Many of us aren’t so open about our struggles within our families. And when we grow

up seeing how families struggle and don’t ask for help. We think that we have to

endure our battles alone. It becomes a continuous cycle of staying quiet for each

generation. So how do we get our youth to open up more about mental health needs?

Ramirez thinks that speaking their language, looking like them, and letting them

know you are here for them is a big part of getting them to open up. She wants them

to feel comfortable speaking their language, and know that she is “very big on letting

them know I'm on your team. ‘’

When our mental health is deteriorating it can cause us to come to an all-time low

and we may not even notice it. Ramirez believes that it all comes down to how you

are feeling. Being in tune with your thoughts and how your body is feeling is an

important part of recognizing when your mental health is deteriorating. Some known

signs that point to your mental health are headaches, heart racing, trouble sleeping,

or you notice yourself isolating. “There’s no specific way to tell because we are all

different.” Learning to check in with yourself will let you know what’s going on and

from there we can start taking those next steps to get our mental health back on

track. What are the next steps? For Ramirez, some beneficial coping skills would be

‘’to practice’’ being mindful and understanding what you can and can’t control, the

grounding method with your five senses, and learning how to breathe. It helps us ‘’sit

with ourselves and learn how to breathe and calm down our anger and anxiety.”

From there we can figure out what causes our mental health from triggering. It will

help us see the picture more clearly.

Everyone struggles with their mental health. For some, it is more difficult than most. We all have highs and lows but we have become more aware of the importance of our

mental health for our generation and future generations. More parents are paying attention to how school and the home environment can play a part in affecting our mental health.

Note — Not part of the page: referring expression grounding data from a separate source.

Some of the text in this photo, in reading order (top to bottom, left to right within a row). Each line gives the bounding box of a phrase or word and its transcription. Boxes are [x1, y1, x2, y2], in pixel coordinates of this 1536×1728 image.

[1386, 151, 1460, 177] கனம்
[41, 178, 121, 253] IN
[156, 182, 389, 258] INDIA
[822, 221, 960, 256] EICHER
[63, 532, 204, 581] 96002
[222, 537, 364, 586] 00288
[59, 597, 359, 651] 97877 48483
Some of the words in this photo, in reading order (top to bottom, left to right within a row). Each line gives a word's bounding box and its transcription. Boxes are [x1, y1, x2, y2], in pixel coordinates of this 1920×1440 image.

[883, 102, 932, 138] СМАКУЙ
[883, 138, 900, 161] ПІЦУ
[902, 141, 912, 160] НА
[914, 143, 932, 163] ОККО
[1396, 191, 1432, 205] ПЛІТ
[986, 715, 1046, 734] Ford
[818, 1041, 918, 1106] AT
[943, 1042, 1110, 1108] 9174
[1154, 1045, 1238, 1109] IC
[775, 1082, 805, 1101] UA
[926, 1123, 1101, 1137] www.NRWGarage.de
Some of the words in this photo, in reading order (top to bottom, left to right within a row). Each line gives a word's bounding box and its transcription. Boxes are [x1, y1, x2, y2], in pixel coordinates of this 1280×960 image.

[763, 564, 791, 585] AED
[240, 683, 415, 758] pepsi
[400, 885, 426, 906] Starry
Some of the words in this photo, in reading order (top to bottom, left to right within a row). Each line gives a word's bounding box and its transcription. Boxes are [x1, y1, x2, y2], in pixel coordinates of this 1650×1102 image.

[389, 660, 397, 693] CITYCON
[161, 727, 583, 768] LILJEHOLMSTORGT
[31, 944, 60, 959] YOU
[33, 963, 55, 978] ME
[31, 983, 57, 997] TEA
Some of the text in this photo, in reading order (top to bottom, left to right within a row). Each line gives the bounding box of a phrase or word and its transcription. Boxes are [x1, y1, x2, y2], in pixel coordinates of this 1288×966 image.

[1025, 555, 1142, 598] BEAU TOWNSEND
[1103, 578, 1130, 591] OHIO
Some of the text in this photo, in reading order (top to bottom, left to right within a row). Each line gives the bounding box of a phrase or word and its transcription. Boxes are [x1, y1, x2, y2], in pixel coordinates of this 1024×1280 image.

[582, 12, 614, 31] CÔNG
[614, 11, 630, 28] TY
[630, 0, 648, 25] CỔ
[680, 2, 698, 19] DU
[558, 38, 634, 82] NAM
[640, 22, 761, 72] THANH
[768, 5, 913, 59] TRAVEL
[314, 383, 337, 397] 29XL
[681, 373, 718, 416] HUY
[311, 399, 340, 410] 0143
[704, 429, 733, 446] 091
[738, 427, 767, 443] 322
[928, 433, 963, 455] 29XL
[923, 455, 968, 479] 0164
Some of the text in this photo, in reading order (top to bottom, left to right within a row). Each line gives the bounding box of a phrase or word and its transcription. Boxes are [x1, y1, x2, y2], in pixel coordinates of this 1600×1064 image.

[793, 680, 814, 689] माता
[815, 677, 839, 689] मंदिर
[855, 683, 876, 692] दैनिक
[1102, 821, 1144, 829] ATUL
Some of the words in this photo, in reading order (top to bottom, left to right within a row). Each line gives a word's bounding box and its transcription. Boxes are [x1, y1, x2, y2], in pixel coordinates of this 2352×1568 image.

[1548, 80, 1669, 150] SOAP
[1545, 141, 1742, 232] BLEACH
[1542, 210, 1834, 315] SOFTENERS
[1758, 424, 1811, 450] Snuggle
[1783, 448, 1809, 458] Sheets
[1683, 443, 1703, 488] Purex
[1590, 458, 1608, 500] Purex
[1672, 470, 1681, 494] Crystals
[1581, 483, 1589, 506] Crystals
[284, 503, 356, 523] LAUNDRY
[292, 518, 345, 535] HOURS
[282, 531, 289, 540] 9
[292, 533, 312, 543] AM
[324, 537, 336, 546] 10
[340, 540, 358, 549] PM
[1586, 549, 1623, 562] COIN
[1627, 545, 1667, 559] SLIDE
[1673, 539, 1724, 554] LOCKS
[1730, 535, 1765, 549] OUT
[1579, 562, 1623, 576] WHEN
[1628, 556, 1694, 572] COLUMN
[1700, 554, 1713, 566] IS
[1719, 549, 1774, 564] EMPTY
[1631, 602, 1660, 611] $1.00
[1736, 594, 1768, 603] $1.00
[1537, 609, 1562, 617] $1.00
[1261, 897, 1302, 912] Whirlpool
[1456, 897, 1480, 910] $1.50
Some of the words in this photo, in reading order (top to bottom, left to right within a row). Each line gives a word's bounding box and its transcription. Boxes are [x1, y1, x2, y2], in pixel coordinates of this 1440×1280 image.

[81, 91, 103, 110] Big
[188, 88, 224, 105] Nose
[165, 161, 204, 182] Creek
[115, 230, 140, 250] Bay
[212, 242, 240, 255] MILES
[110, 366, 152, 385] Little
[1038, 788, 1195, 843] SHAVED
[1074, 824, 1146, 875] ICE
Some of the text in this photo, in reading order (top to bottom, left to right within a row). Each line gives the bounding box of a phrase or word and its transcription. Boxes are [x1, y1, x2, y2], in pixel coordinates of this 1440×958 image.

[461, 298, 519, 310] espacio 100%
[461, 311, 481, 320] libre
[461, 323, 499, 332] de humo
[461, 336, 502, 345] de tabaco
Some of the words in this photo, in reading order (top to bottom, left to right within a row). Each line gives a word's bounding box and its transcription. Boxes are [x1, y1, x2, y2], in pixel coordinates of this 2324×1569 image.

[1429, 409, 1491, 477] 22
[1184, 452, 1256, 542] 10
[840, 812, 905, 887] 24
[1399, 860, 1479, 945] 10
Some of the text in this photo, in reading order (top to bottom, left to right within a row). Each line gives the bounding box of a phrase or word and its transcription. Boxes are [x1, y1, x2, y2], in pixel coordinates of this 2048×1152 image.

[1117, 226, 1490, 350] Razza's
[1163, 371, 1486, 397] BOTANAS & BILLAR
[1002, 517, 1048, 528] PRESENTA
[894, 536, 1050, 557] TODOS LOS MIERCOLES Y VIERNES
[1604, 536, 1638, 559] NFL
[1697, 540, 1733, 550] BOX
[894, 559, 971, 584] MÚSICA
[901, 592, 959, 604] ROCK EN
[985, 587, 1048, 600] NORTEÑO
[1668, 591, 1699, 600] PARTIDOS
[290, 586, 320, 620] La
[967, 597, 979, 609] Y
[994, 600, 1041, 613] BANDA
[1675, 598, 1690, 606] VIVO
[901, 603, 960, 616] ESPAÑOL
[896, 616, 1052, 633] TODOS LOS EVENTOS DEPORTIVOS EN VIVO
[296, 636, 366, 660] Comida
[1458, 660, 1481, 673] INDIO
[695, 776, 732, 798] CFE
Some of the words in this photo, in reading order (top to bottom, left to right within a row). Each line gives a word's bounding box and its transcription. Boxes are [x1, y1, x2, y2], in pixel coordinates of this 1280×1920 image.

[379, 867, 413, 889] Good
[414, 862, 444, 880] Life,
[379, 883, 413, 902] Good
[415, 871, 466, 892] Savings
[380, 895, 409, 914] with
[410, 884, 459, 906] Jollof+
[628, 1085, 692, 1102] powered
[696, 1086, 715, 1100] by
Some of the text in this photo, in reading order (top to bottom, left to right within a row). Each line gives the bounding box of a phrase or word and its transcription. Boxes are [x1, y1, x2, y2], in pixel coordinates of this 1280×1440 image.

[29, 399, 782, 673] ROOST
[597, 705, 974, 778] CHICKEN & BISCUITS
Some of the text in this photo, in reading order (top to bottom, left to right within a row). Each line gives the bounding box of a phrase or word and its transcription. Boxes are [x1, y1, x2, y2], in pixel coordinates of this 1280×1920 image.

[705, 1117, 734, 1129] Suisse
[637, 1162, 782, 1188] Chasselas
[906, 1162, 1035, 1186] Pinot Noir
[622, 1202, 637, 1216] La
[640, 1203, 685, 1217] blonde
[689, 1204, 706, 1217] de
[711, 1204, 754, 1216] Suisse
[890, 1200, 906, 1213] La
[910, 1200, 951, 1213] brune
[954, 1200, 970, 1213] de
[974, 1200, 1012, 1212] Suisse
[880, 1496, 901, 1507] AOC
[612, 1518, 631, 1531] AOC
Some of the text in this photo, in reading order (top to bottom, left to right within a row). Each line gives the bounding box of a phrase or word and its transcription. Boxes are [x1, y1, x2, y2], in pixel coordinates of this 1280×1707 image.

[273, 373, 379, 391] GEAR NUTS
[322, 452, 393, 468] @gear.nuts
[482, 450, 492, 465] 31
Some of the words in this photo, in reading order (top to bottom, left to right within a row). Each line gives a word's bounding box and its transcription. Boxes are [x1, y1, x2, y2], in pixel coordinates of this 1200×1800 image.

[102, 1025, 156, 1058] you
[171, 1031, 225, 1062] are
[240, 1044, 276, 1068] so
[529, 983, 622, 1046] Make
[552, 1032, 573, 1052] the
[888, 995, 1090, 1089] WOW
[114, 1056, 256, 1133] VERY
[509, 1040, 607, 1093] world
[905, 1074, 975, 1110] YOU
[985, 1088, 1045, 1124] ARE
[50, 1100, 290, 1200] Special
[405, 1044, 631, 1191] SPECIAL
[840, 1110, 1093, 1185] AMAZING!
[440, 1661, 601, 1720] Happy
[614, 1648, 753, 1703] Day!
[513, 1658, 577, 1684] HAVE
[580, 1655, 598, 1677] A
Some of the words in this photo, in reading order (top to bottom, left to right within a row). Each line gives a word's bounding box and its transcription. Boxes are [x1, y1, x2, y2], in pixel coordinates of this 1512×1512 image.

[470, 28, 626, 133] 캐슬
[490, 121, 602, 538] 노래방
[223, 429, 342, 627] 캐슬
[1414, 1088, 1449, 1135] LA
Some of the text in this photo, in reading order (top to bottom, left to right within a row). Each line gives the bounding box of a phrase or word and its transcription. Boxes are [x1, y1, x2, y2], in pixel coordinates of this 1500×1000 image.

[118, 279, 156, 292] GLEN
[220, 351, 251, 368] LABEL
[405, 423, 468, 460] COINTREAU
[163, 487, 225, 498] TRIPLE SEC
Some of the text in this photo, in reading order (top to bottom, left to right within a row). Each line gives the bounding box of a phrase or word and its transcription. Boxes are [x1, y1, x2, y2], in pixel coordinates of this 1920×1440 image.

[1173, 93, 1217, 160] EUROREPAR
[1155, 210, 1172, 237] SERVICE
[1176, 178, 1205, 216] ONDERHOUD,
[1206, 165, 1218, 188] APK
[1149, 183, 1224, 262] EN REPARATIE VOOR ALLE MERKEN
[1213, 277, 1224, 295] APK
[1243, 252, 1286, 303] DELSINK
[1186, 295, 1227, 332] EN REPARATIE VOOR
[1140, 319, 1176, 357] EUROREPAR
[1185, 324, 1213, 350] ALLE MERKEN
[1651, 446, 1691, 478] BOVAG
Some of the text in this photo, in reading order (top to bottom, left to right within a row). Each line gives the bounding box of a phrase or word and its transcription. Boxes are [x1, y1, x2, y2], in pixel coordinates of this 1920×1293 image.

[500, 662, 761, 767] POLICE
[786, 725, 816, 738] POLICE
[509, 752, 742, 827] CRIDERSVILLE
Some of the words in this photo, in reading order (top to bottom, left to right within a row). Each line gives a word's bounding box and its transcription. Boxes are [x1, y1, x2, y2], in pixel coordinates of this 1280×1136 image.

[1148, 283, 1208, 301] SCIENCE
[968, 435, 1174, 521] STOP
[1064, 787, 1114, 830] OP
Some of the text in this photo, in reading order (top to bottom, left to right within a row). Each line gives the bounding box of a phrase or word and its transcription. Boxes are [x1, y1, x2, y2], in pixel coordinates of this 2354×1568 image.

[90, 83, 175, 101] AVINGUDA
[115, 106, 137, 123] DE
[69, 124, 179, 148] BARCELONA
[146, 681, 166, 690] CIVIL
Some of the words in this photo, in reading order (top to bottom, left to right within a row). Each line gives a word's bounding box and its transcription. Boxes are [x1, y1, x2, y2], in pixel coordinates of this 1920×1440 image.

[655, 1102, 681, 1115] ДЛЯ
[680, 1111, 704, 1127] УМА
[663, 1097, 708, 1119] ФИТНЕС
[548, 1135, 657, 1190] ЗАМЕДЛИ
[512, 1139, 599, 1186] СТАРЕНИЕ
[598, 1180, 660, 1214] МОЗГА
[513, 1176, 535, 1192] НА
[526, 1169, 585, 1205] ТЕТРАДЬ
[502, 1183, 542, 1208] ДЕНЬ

“I hope that mental awareness will rise and I think it will strive but we need to

continue to add more resources for families and the school system,’’ Ramirez said. More in-class support and more real-life examples of mental issues. More social workers, and school counselors, and adding mental health education into the system will help us continue to move towards improving our mental health needs. We all have a voice and we are not alone. It is ok to ask for help and it's ok to not be ok.